The task: Give the records again exactly. Pictures do not belong in the copy.

------ Record extracts ------

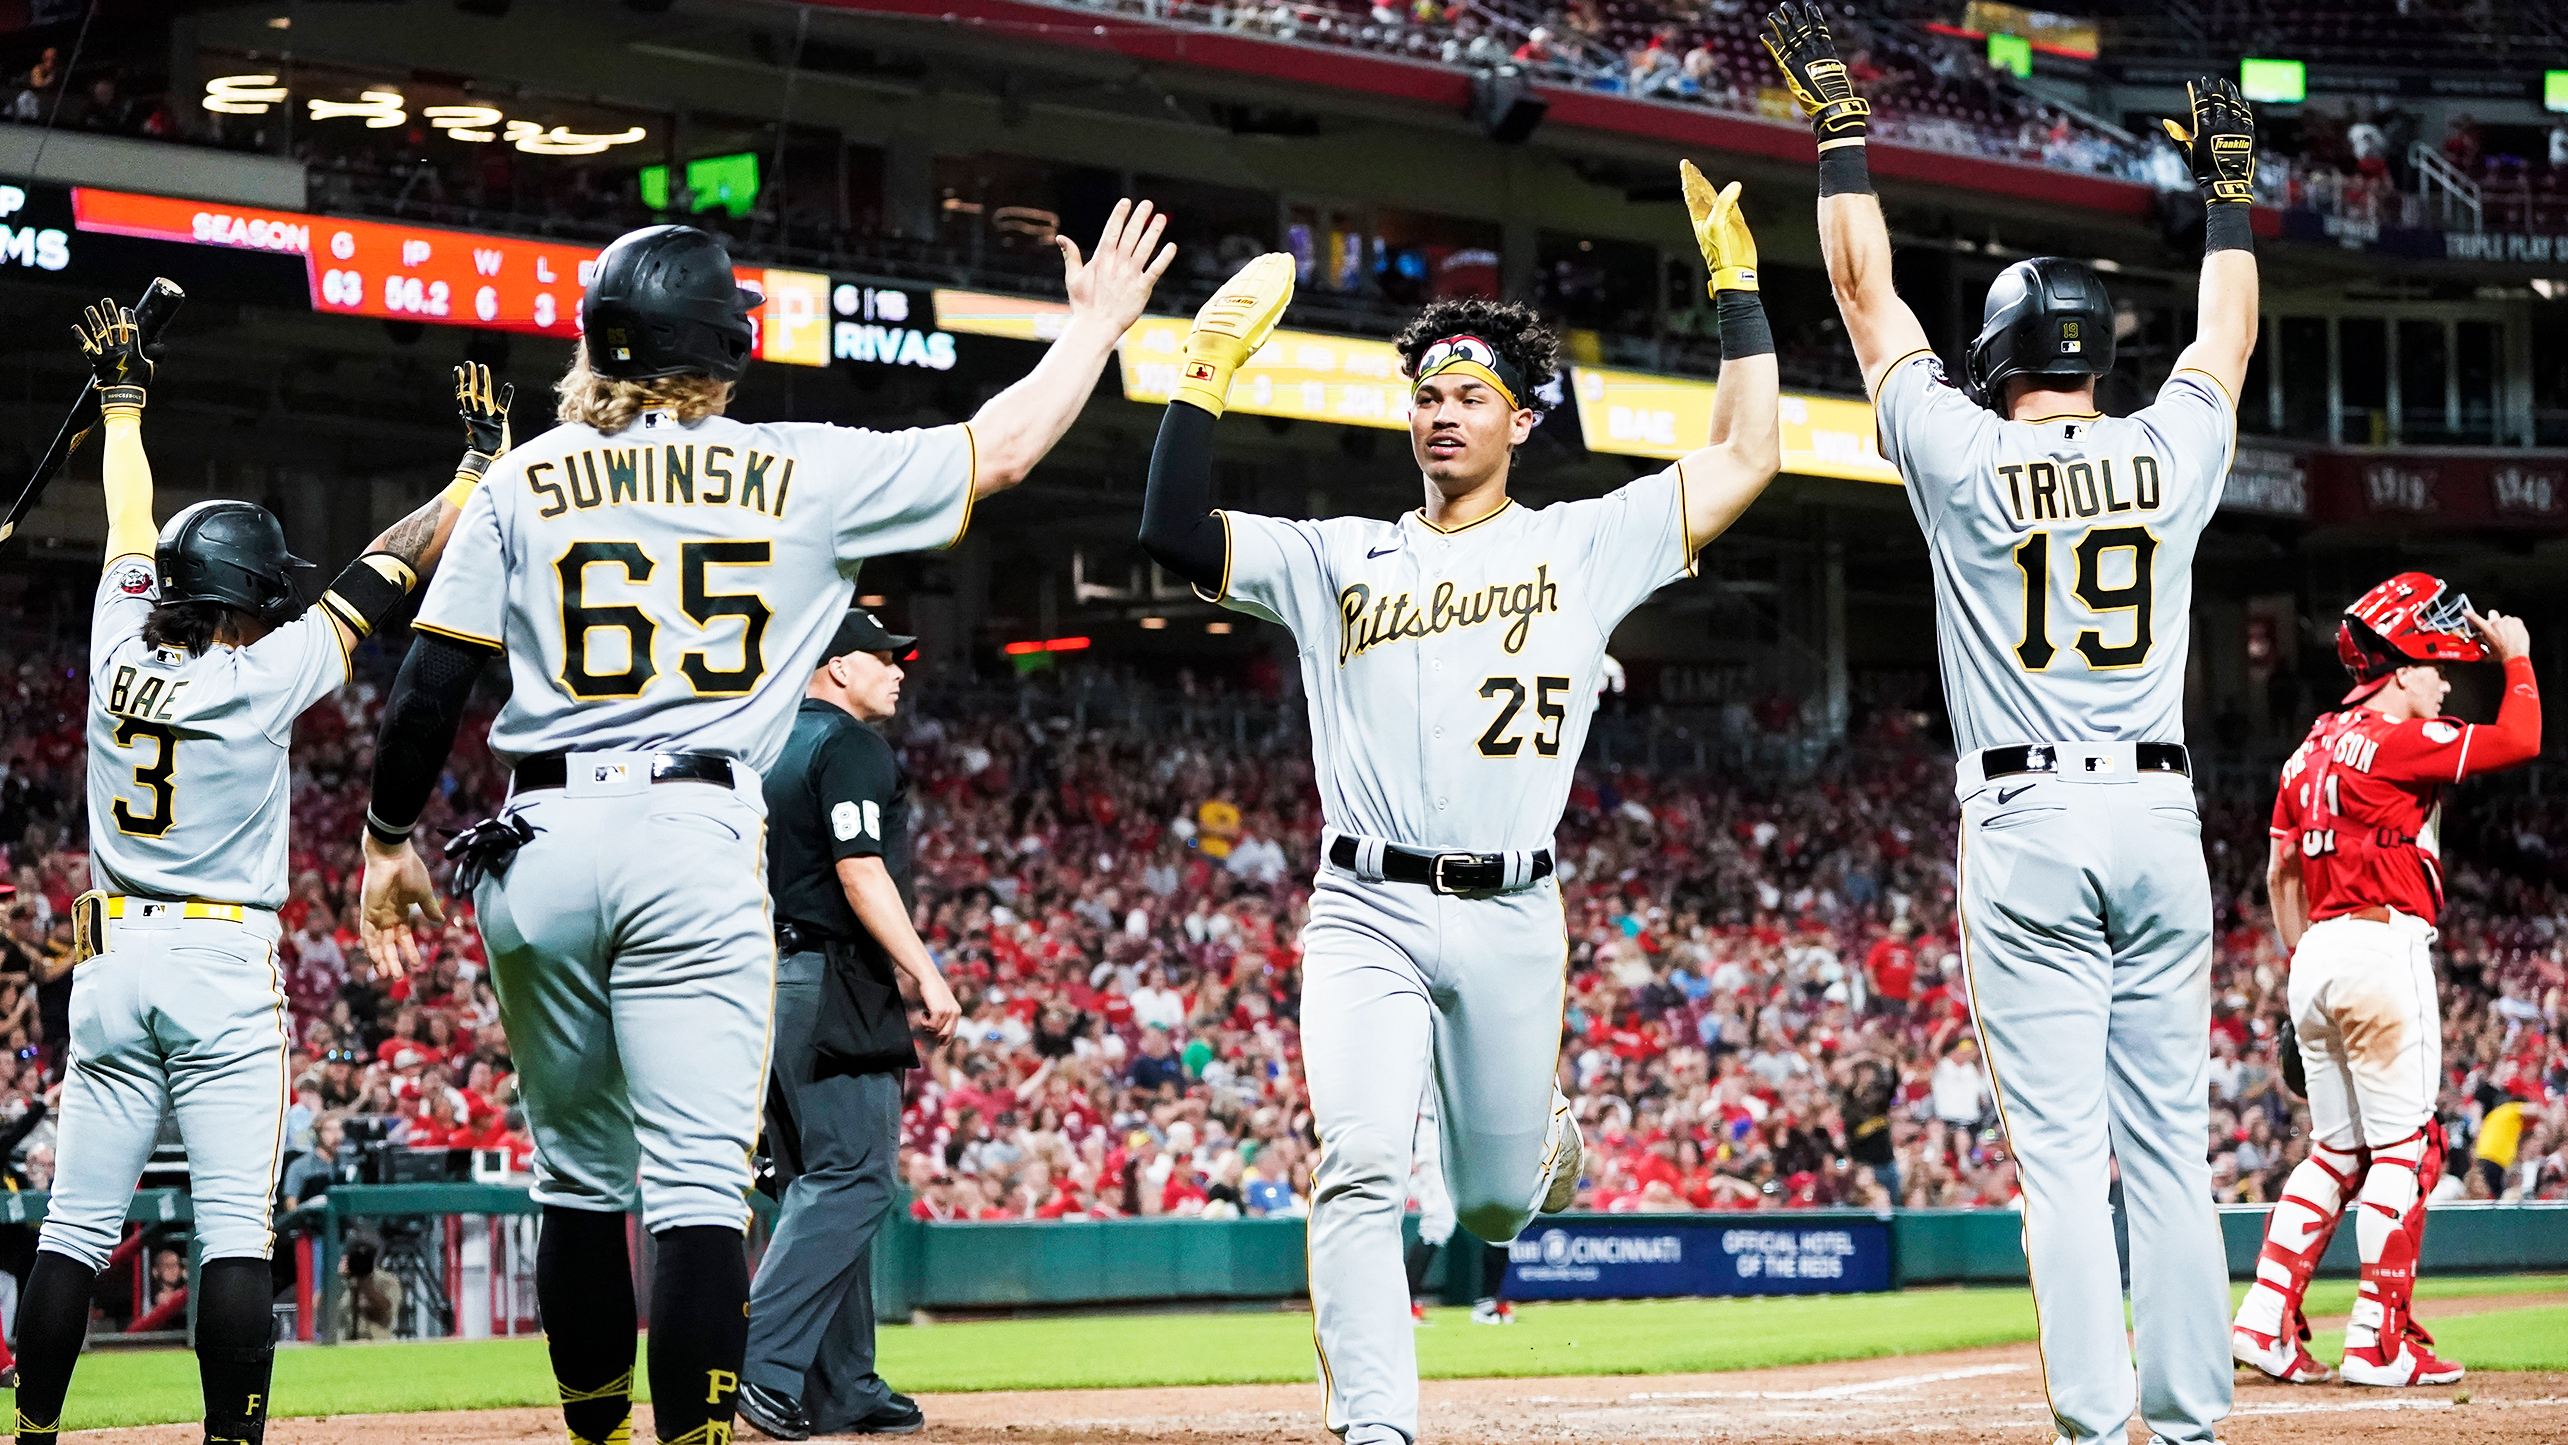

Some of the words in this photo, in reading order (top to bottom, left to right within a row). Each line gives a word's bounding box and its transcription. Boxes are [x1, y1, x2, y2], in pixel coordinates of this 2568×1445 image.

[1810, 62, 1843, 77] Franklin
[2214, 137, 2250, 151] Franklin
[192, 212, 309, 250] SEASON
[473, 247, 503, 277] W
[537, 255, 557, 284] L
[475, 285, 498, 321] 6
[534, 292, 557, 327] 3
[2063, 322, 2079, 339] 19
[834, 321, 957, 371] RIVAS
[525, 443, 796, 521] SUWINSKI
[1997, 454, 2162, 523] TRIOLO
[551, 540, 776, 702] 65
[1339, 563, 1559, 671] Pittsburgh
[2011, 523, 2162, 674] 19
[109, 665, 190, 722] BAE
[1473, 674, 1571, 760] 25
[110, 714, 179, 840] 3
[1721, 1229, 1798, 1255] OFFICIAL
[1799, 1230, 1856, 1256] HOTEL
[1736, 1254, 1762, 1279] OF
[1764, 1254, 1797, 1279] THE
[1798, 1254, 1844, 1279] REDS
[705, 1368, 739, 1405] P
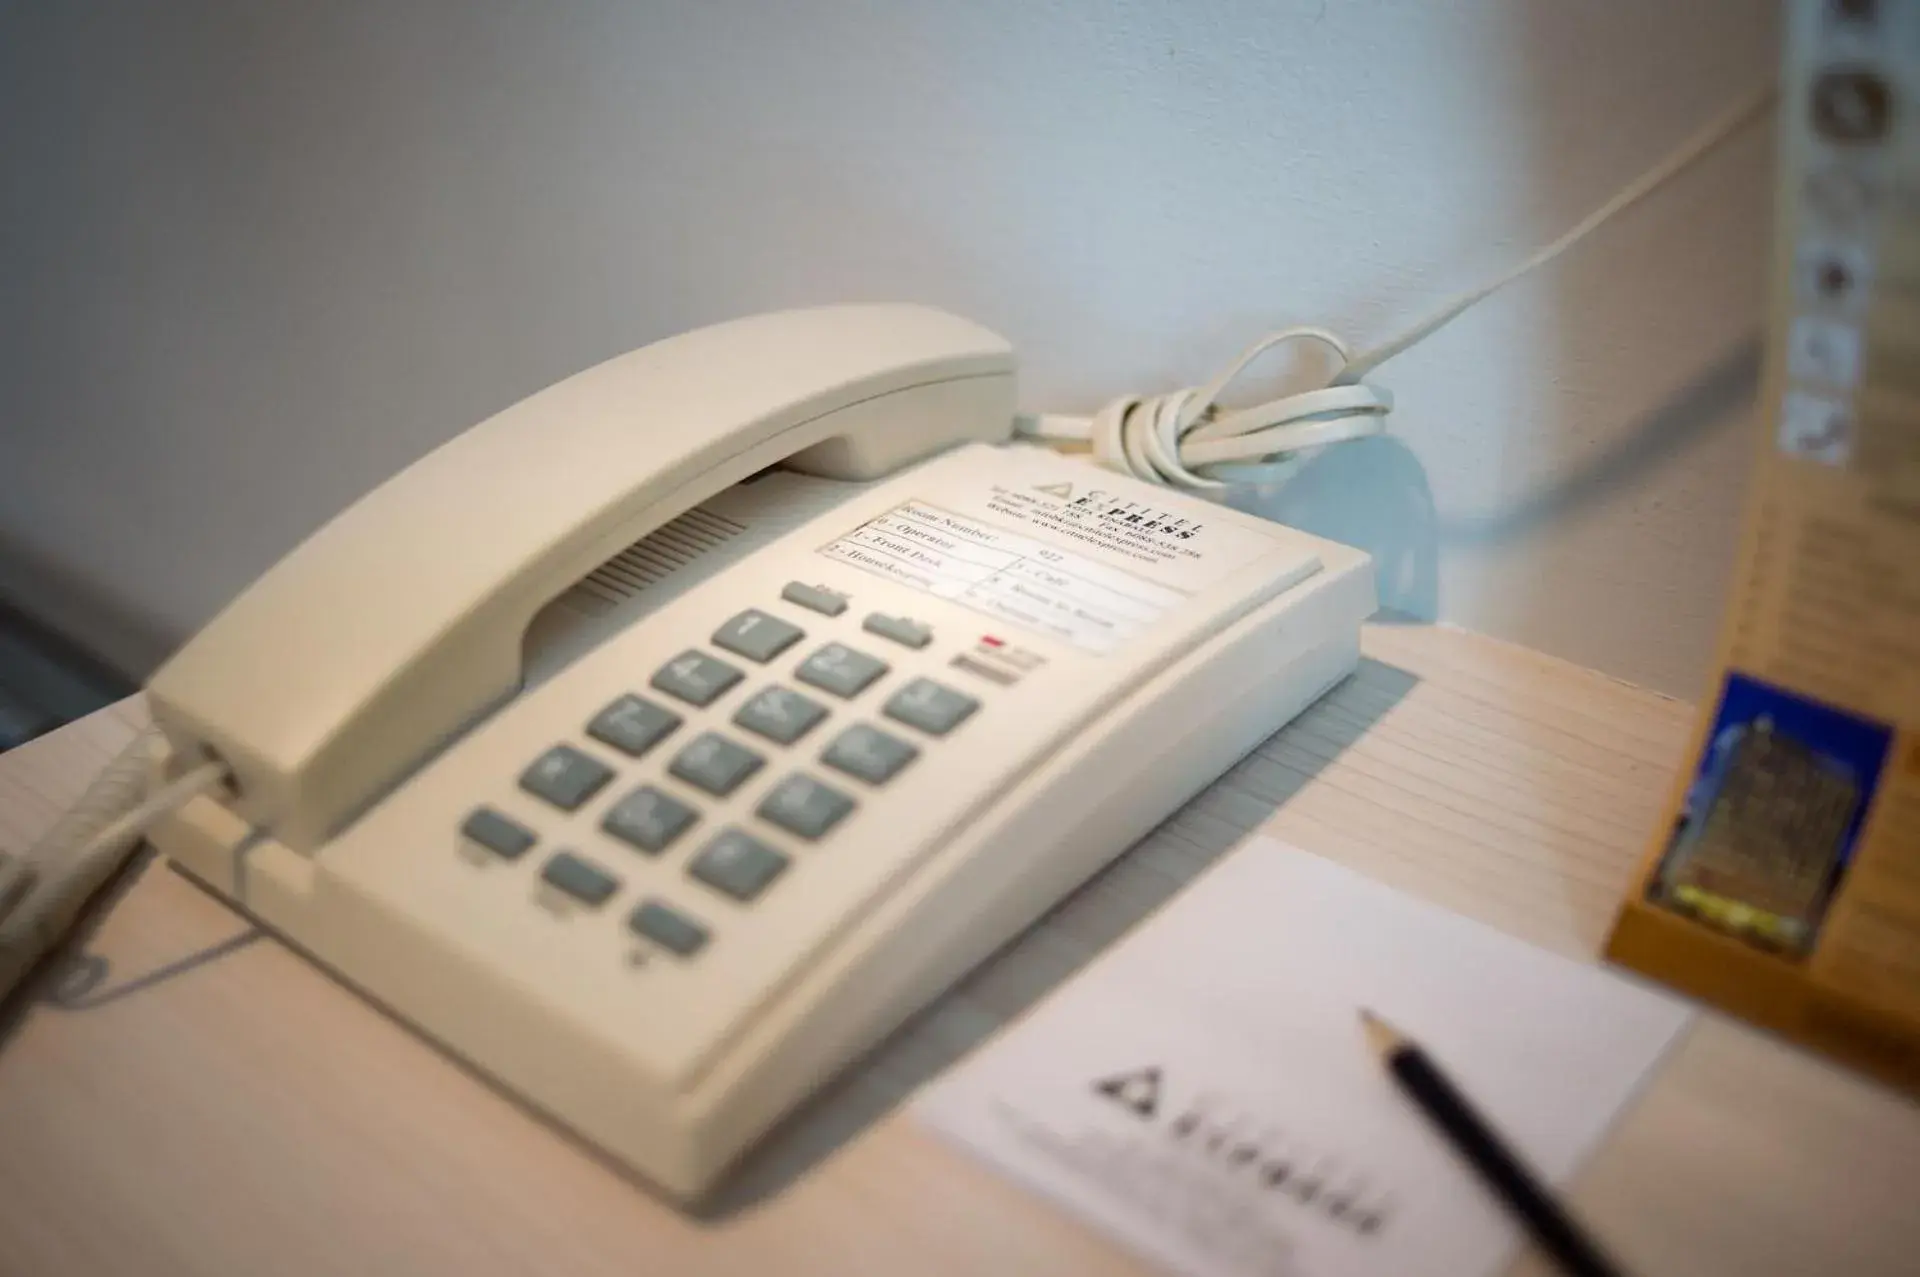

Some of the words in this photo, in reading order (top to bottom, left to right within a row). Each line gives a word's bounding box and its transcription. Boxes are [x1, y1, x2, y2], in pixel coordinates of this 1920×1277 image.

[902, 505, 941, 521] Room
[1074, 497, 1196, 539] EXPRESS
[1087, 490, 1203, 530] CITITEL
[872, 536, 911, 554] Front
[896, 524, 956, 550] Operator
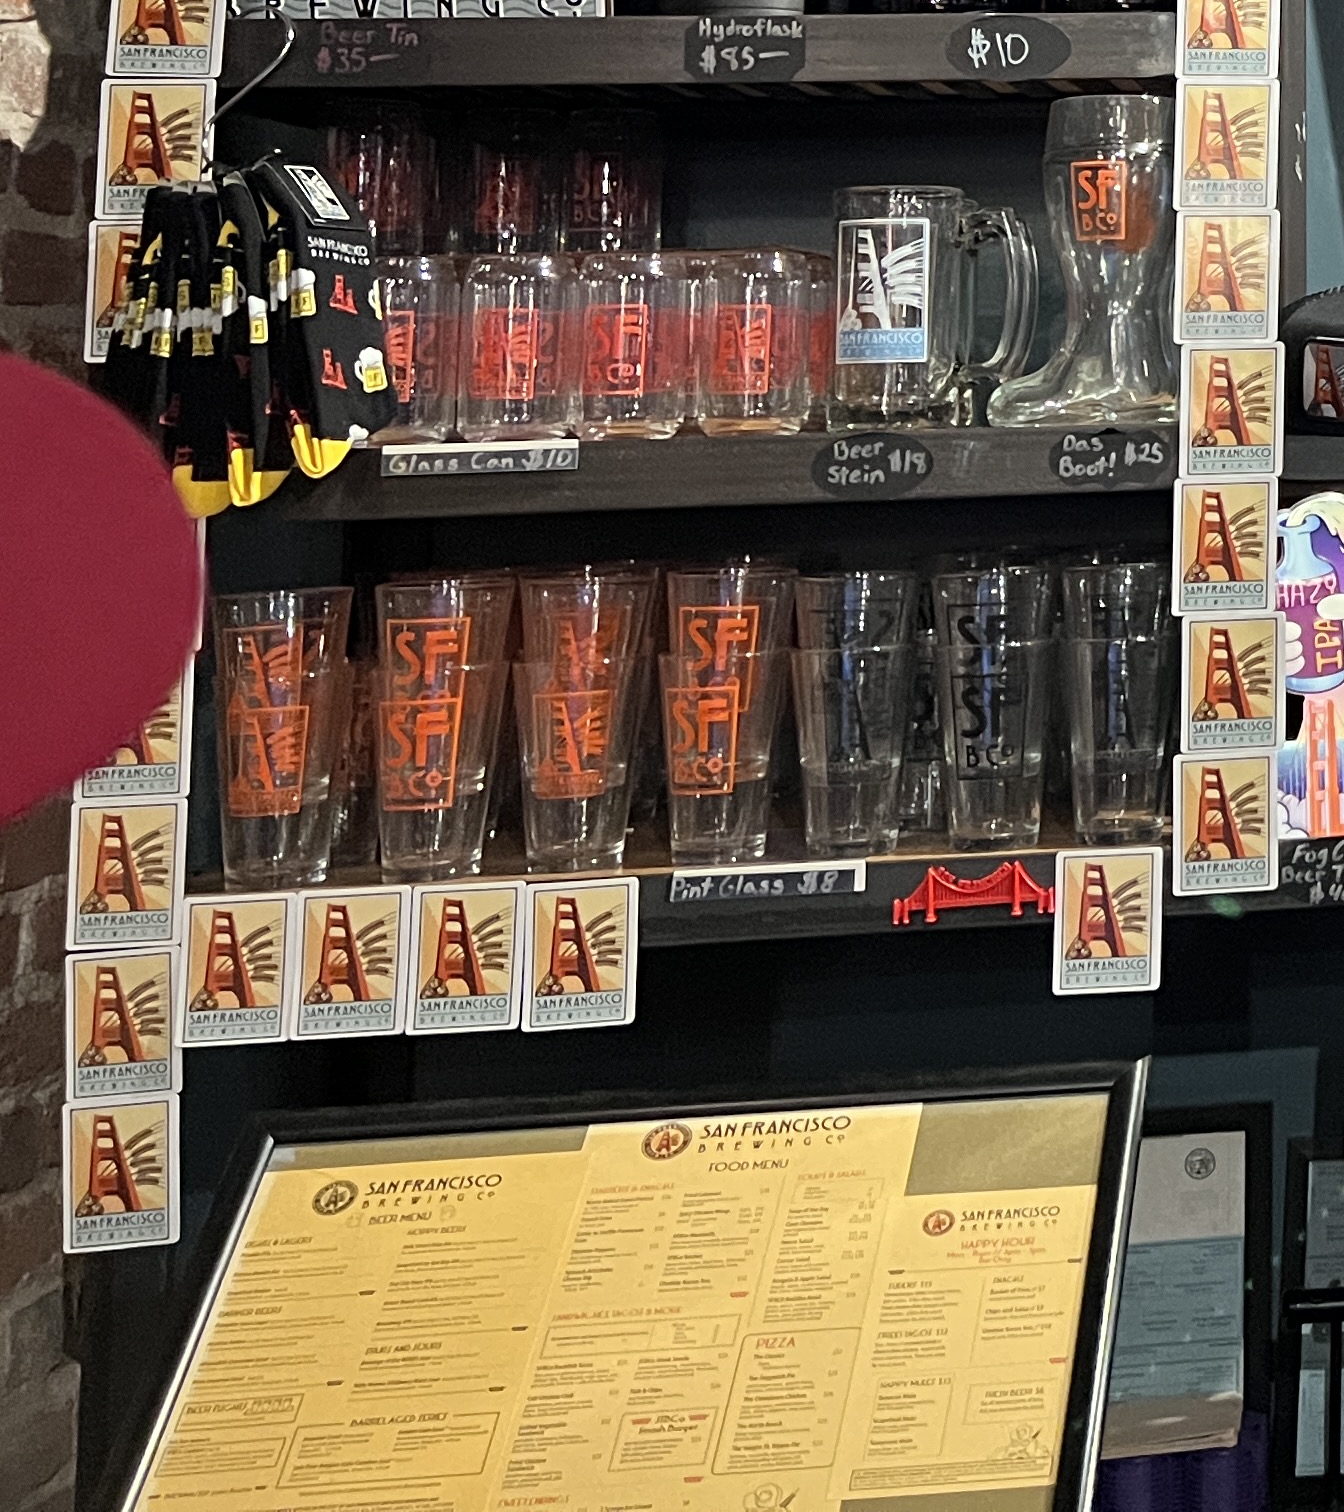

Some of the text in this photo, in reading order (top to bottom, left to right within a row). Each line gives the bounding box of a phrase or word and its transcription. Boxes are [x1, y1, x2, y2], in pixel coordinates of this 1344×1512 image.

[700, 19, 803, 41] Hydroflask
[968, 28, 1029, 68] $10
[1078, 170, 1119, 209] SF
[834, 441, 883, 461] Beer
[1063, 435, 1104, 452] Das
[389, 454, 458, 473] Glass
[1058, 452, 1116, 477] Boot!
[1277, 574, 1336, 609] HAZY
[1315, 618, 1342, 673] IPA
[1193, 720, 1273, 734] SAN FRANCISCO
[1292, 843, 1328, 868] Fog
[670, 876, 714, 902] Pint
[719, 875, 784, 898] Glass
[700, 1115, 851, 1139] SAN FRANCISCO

------

Reply:
Some of the words in this photo, in reading order (top to bottom, left to right within a row). Each line gives a word's bounding box and its transcription. Boxes are [x1, y1, x2, y2], in pixel coordinates of this 2568×1445 image.

[1810, 62, 1843, 77] Franklin
[2214, 137, 2250, 151] Franklin
[192, 212, 309, 250] SEASON
[473, 247, 503, 277] W
[537, 255, 557, 284] L
[475, 285, 498, 321] 6
[534, 292, 557, 327] 3
[2063, 322, 2079, 339] 19
[834, 321, 957, 371] RIVAS
[525, 443, 796, 521] SUWINSKI
[1997, 454, 2162, 523] TRIOLO
[551, 540, 776, 702] 65
[1339, 563, 1559, 671] Pittsburgh
[2011, 523, 2162, 674] 19
[109, 665, 190, 722] BAE
[1473, 674, 1571, 760] 25
[110, 714, 179, 840] 3
[1721, 1229, 1798, 1255] OFFICIAL
[1799, 1230, 1856, 1256] HOTEL
[1736, 1254, 1762, 1279] OF
[1764, 1254, 1797, 1279] THE
[1798, 1254, 1844, 1279] REDS
[705, 1368, 739, 1405] P

Some of the words in this photo, in reading order (top to bottom, left to right within a row). Each line gives a word's bounding box and its transcription. Boxes are [x1, y1, x2, y2], in pixel coordinates of this 1920×1277 image.

[902, 505, 941, 521] Room
[1074, 497, 1196, 539] EXPRESS
[1087, 490, 1203, 530] CITITEL
[872, 536, 911, 554] Front
[896, 524, 956, 550] Operator

Some of the text in this photo, in reading order (top to bottom, left to right within a row). Each line gives the bounding box of a phrase or word and its transcription. Boxes are [x1, y1, x2, y2], in pixel coordinates of this 1344×1512 image.

[700, 19, 803, 41] Hydroflask
[968, 28, 1029, 68] $10
[1078, 170, 1119, 209] SF
[834, 441, 883, 461] Beer
[1063, 435, 1104, 452] Das
[389, 454, 458, 473] Glass
[1058, 452, 1116, 477] Boot!
[1277, 574, 1336, 609] HAZY
[1315, 618, 1342, 673] IPA
[1193, 720, 1273, 734] SAN FRANCISCO
[1292, 843, 1328, 868] Fog
[670, 876, 714, 902] Pint
[719, 875, 784, 898] Glass
[700, 1115, 851, 1139] SAN FRANCISCO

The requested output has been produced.